PHILADELPHIA (KYW Newsradio) — A former Philadelphia assistant district attorney testified Friday that she was told to side with a defendant as they appealed a murder conviction in Federal court at the direction of her boss, a top official within the office.
Judge Paul Diamond called the evidentiary hearing because the District Attorney’s Office agreed to overturn a 2009 murder conviction and then recanted; the judge is trying to figure out what happened and why.
The DA assigned to handle that appeal was Jaclyn Mason, who was with the office’s Federal Litigation Unit until she resigned earlier this year because she “refused to participate in a cover-up for the four supervisors.”
She testified there were a series of meetings between herself, her boss Matt Stiegler, Federal defenders and the Innocence Project, to figure out which of the defendant’s claims they should move forward with — in her words, “colluding” to get the defendant relief.
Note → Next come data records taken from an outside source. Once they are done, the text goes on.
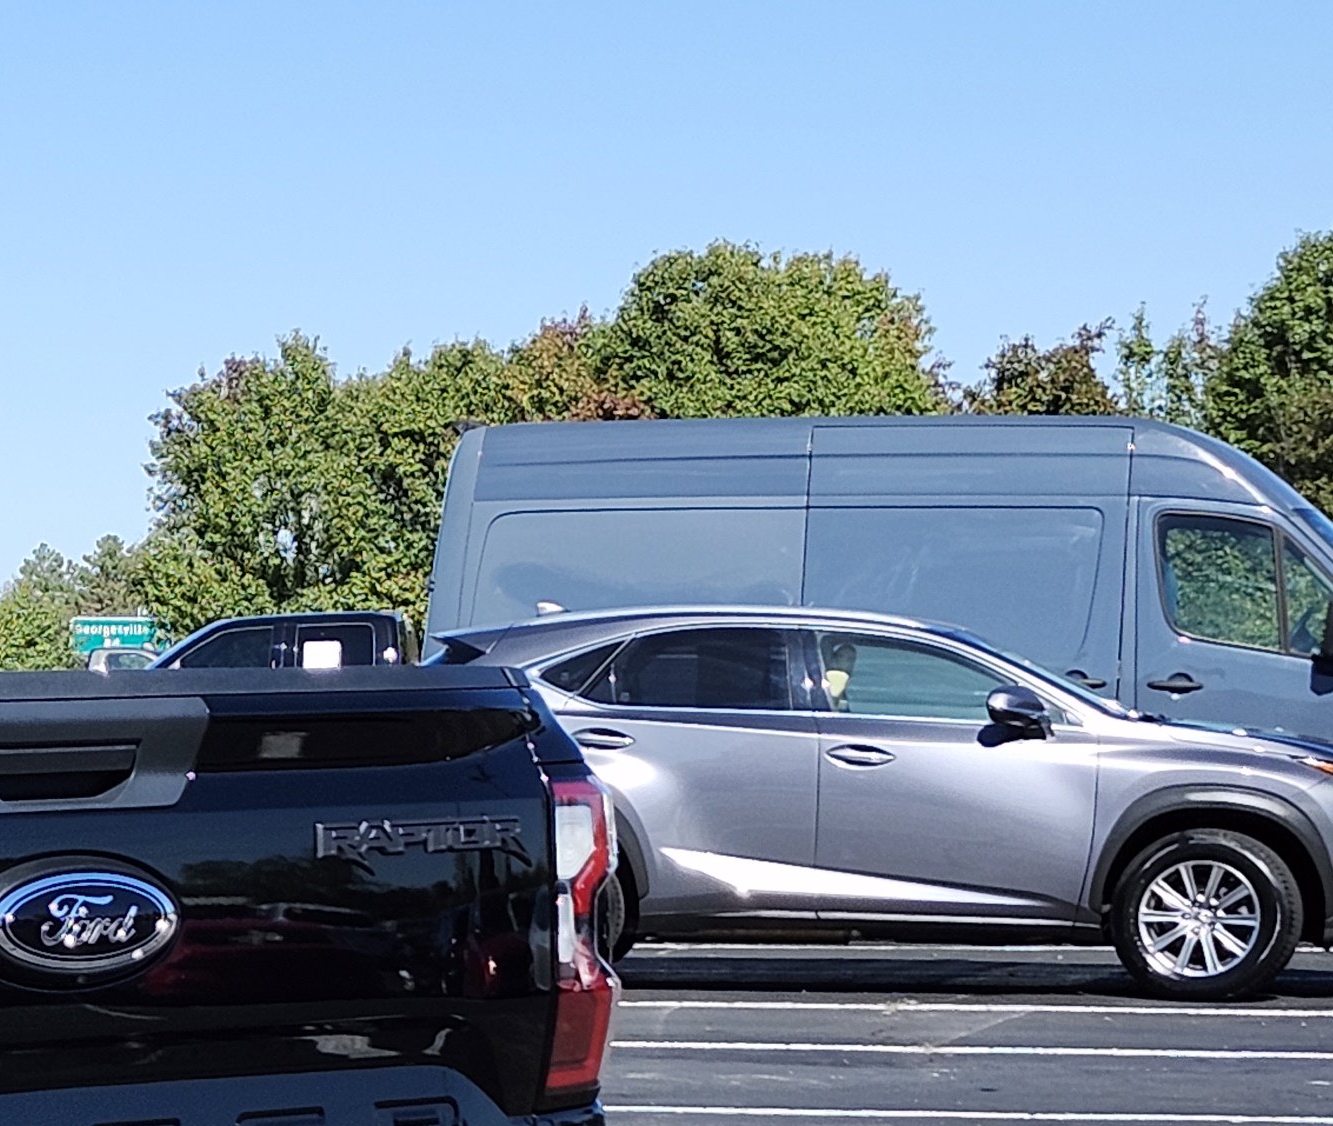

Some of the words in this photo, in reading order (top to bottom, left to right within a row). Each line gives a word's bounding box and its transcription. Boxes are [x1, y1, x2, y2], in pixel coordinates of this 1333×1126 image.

[74, 624, 150, 637] Georgesville
[314, 812, 532, 877] RAPTOR
[41, 894, 139, 947] Ford
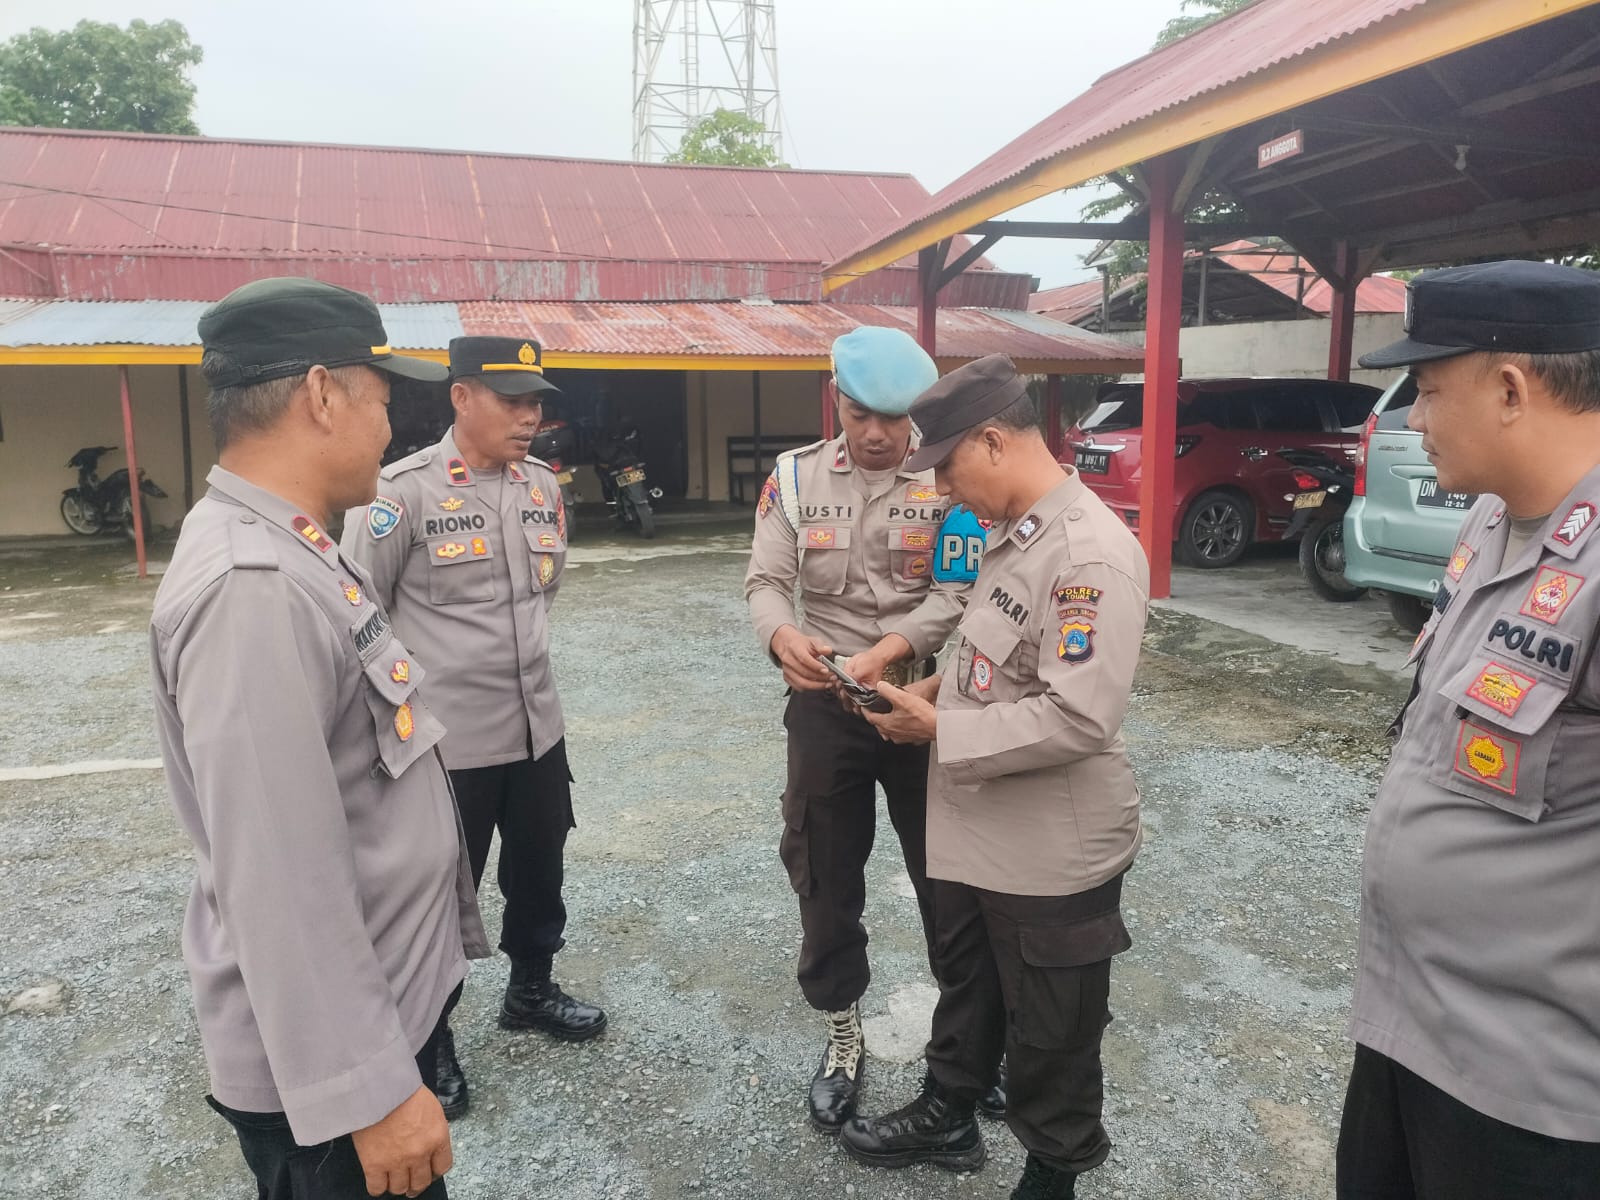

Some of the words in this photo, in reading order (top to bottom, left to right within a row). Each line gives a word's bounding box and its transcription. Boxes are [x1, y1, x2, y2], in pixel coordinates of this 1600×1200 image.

[1420, 480, 1438, 498] DN
[425, 513, 486, 535] RIONO
[1057, 587, 1099, 598] POLRES
[989, 586, 1029, 626] POLRI
[1487, 618, 1575, 674] POLRI
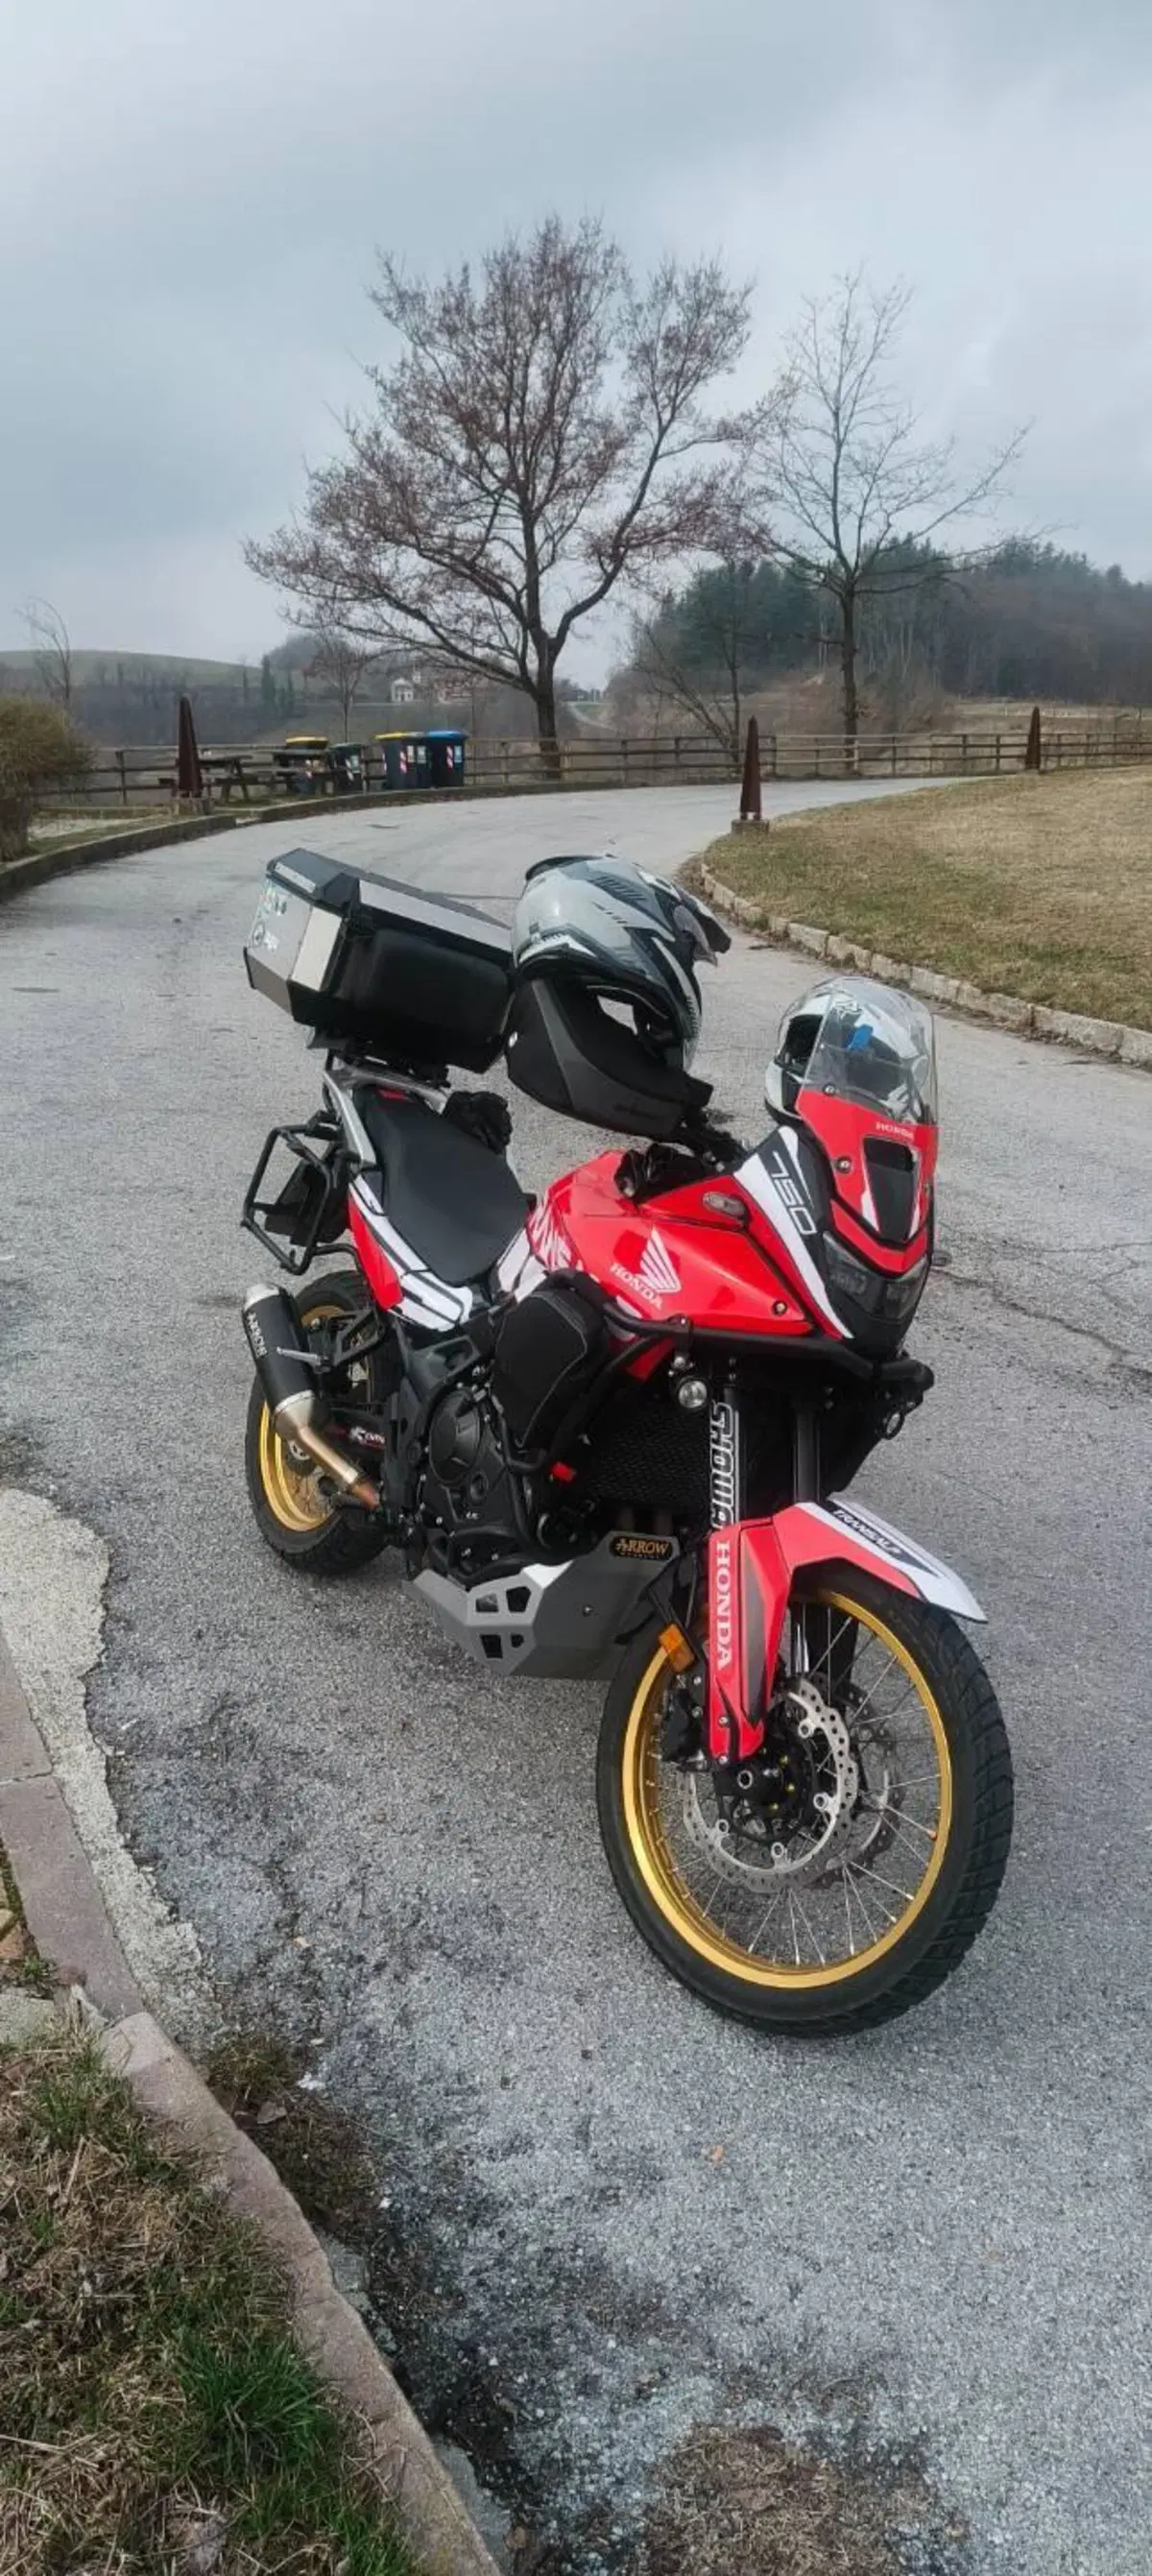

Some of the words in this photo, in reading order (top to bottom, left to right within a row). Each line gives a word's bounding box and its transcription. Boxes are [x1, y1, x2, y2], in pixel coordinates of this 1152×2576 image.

Mason testified that Stiegler used her as a pawn, and told her, “if it’s good enough for the Innocence Project, it’s good enough for me.”
She said Stiegler directed her to write the legal document conceding that the defendant’s appeal should be granted, but was never directed to investigate, read trial testimony or speak with the trial prosecutor.
She told the judge that when she realized something in the brief wasn’t true, she went to her supervisors and others in the unit to raise concerns, before eventually resigning. That’s when the office pulled their concession.
The judge questioned Stiegler about how he figures out what to do with appeals, to which he said they don’t independently investigate, but review the file to make decisions, and that he relied on her to do so.
Mason later told the judge that nothing Stiegler said on the stand was true.
Four other witnesses are expected to be called to testify on another date that hasn’t been scheduled.
Last month, Pennsylvania’s Supreme Court ruled that the attorney general must oversee all cases in which the DA’s office wants to overturn a conviction.
The Federal court also disbarred one of Krasner’s top officials and suspended another for similar questionable conduct.